About this exercise → Write every record out again exactly as shown below.

Top of Input data

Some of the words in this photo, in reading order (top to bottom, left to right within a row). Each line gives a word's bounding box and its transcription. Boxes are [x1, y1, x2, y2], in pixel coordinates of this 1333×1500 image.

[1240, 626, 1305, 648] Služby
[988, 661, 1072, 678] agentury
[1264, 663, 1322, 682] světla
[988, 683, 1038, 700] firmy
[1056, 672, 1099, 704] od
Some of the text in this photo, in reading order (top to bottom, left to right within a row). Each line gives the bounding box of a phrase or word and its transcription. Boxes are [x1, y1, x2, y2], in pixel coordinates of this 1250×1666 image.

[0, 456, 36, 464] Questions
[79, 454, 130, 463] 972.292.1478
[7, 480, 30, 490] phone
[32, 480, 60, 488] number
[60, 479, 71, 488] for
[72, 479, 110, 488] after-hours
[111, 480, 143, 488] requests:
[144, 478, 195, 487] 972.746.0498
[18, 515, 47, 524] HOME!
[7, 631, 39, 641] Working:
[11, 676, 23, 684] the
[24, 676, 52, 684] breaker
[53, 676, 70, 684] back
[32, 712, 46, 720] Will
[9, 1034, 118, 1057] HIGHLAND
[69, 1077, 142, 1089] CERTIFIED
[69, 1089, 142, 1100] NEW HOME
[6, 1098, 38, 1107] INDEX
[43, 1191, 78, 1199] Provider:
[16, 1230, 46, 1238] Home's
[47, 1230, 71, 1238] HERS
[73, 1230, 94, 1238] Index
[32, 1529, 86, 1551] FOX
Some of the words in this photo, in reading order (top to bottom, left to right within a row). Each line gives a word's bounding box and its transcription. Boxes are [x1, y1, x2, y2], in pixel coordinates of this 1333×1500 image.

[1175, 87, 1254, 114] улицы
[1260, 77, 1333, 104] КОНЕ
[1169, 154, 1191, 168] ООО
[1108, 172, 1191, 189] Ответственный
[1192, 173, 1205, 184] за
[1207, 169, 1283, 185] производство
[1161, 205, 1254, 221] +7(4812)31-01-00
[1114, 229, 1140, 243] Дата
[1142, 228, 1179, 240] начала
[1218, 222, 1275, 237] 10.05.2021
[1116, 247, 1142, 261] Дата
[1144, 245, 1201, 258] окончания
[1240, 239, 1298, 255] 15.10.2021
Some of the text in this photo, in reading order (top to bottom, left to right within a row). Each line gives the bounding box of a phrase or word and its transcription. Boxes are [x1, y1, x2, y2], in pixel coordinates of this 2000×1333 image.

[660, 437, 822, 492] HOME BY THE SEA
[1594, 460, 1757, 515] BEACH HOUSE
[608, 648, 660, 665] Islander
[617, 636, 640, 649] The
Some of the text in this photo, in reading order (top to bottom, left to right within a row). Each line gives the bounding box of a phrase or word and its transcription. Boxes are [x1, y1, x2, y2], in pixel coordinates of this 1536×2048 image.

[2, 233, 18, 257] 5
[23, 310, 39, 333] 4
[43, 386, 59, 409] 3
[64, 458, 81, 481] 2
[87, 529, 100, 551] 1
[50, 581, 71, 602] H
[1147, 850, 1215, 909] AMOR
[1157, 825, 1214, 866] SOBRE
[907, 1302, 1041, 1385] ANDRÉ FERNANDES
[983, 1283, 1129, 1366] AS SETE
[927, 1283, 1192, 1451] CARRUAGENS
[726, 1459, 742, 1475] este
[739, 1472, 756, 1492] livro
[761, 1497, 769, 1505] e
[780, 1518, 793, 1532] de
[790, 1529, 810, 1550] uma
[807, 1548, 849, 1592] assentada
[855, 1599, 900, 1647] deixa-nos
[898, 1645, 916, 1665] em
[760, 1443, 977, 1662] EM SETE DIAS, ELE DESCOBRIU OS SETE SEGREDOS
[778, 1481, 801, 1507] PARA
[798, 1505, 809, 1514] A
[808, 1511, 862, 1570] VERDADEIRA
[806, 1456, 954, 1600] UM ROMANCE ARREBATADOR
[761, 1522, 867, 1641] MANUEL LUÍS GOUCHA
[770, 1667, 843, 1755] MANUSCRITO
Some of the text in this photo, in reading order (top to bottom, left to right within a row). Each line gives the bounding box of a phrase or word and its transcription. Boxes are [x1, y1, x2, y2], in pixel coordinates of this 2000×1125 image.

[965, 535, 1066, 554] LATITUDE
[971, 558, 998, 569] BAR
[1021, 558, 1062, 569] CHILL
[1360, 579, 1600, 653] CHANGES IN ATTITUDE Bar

Bottom of Input data

Task result →
Some of the words in this photo, in reading order (top to bottom, left to right within a row). Each line gives a word's bounding box and its transcription. Boxes are [x1, y1, x2, y2], in pixel coordinates of this 1333×1500 image.

[1240, 626, 1305, 648] Služby
[988, 661, 1072, 678] agentury
[1264, 663, 1322, 682] světla
[988, 683, 1038, 700] firmy
[1056, 672, 1099, 704] od
Some of the text in this photo, in reading order (top to bottom, left to right within a row). Each line gives the bounding box of a phrase or word and its transcription. Boxes are [x1, y1, x2, y2], in pixel coordinates of this 1250×1666 image.

[0, 456, 36, 464] Questions
[79, 454, 130, 463] 972.292.1478
[7, 480, 30, 490] phone
[32, 480, 60, 488] number
[60, 479, 71, 488] for
[72, 479, 110, 488] after-hours
[111, 480, 143, 488] requests:
[144, 478, 195, 487] 972.746.0498
[18, 515, 47, 524] HOME!
[7, 631, 39, 641] Working:
[11, 676, 23, 684] the
[24, 676, 52, 684] breaker
[53, 676, 70, 684] back
[32, 712, 46, 720] Will
[9, 1034, 118, 1057] HIGHLAND
[69, 1077, 142, 1089] CERTIFIED
[69, 1089, 142, 1100] NEW HOME
[6, 1098, 38, 1107] INDEX
[43, 1191, 78, 1199] Provider:
[16, 1230, 46, 1238] Home's
[47, 1230, 71, 1238] HERS
[73, 1230, 94, 1238] Index
[32, 1529, 86, 1551] FOX
Some of the words in this photo, in reading order (top to bottom, left to right within a row). Each line gives a word's bounding box and its transcription. Boxes are [x1, y1, x2, y2], in pixel coordinates of this 1333×1500 image.

[1175, 87, 1254, 114] улицы
[1260, 77, 1333, 104] КОНЕ
[1169, 154, 1191, 168] ООО
[1108, 172, 1191, 189] Ответственный
[1192, 173, 1205, 184] за
[1207, 169, 1283, 185] производство
[1161, 205, 1254, 221] +7(4812)31-01-00
[1114, 229, 1140, 243] Дата
[1142, 228, 1179, 240] начала
[1218, 222, 1275, 237] 10.05.2021
[1116, 247, 1142, 261] Дата
[1144, 245, 1201, 258] окончания
[1240, 239, 1298, 255] 15.10.2021
Some of the text in this photo, in reading order (top to bottom, left to right within a row). Each line gives the bounding box of a phrase or word and its transcription. Boxes are [x1, y1, x2, y2], in pixel coordinates of this 2000×1333 image.

[660, 437, 822, 492] HOME BY THE SEA
[1594, 460, 1757, 515] BEACH HOUSE
[608, 648, 660, 665] Islander
[617, 636, 640, 649] The
Some of the text in this photo, in reading order (top to bottom, left to right within a row). Each line gives the bounding box of a phrase or word and its transcription. Boxes are [x1, y1, x2, y2], in pixel coordinates of this 1536×2048 image.

[2, 233, 18, 257] 5
[23, 310, 39, 333] 4
[43, 386, 59, 409] 3
[64, 458, 81, 481] 2
[87, 529, 100, 551] 1
[50, 581, 71, 602] H
[1147, 850, 1215, 909] AMOR
[1157, 825, 1214, 866] SOBRE
[907, 1302, 1041, 1385] ANDRÉ FERNANDES
[983, 1283, 1129, 1366] AS SETE
[927, 1283, 1192, 1451] CARRUAGENS
[726, 1459, 742, 1475] este
[739, 1472, 756, 1492] livro
[761, 1497, 769, 1505] e
[780, 1518, 793, 1532] de
[790, 1529, 810, 1550] uma
[807, 1548, 849, 1592] assentada
[855, 1599, 900, 1647] deixa-nos
[898, 1645, 916, 1665] em
[760, 1443, 977, 1662] EM SETE DIAS, ELE DESCOBRIU OS SETE SEGREDOS
[778, 1481, 801, 1507] PARA
[798, 1505, 809, 1514] A
[808, 1511, 862, 1570] VERDADEIRA
[806, 1456, 954, 1600] UM ROMANCE ARREBATADOR
[761, 1522, 867, 1641] MANUEL LUÍS GOUCHA
[770, 1667, 843, 1755] MANUSCRITO
Some of the text in this photo, in reading order (top to bottom, left to right within a row). Each line gives the bounding box of a phrase or word and its transcription. Boxes are [x1, y1, x2, y2], in pixel coordinates of this 2000×1125 image.

[965, 535, 1066, 554] LATITUDE
[971, 558, 998, 569] BAR
[1021, 558, 1062, 569] CHILL
[1360, 579, 1600, 653] CHANGES IN ATTITUDE Bar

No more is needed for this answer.